Hybrid rice grown pesticide-free in Hainan Island, China

In Hainan Island, China hybrid rice is dominant. We visited rice fields from Haikou in the north to Sanya in the south. Rice in Hainan is commonly grown in a landscape with a vast habitat diversity, ranging from coconuts, areca nuts, beans, vegetables, ornamentals and bananas (see picture 1).

One would expect that in such rice ecosystems, insect pests could be low since ecosystem services might be rich. Since rice can be grown during the winter months, Hainan is a favorite place of seed companies for seed production during these months. China’s National Hybrid Rice R&D Center also has a station based near Sanya.

Hybrid rice grown in some places like the Red River Delta in Vietnam is routinely sprayed with at least 5 prophylactic cocktail applications. Some researchers in China have found that many of the hybrid rice varieties are particularly susceptible to diseases, such as bacterial leaf blight and insects such as stem borer and planthoppers.

Recently in Malaysia hybrid trials in Tanjung Karang area and a farm in Sta Cruz near IRRI in the Philippines grown with SL8 were destroyed by hopper burn.  Many seed companies package their seeds with pesticides and advice farmers to “protect” their crops with routine applications as some hybrid rice varieties do not have pest and disease resistance.

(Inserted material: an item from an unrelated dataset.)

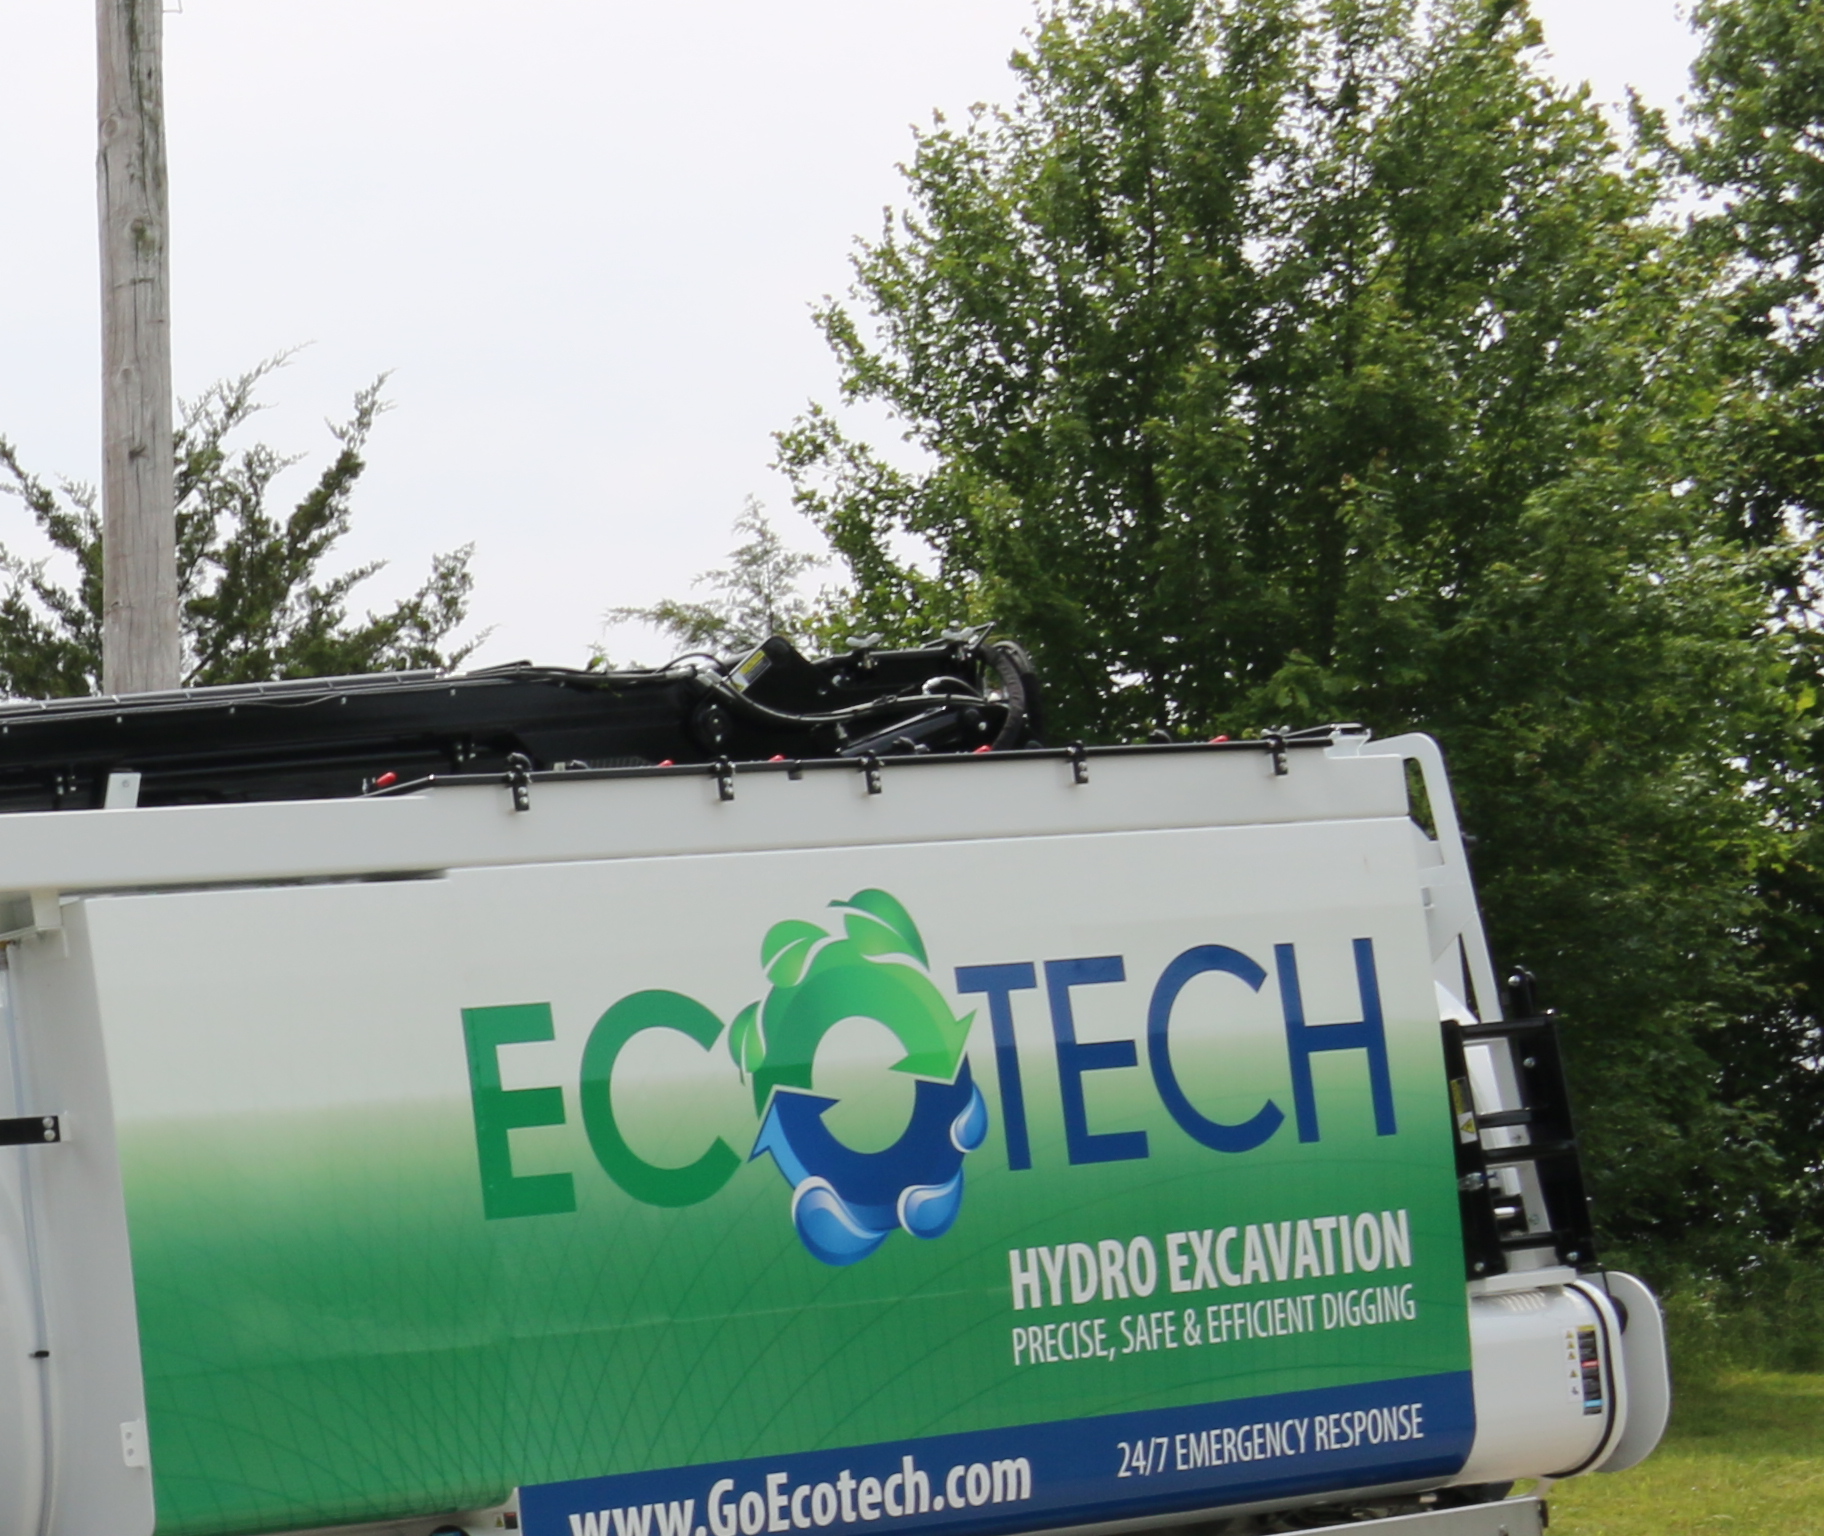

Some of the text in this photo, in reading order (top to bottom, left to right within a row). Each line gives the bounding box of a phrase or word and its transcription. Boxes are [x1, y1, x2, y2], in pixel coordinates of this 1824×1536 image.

Professor Cheng of Zhejiang University attributed the intensifying planthopper problems in China to the high adoption of hybrid rice in China . One would expect that the hybrid vigor in hybrid varieties might possibly possess sufficient tolerance to pests and diseases.

But when hybrid rice is sprayed intensively it is difficult to realize their possible tolerance characteristics.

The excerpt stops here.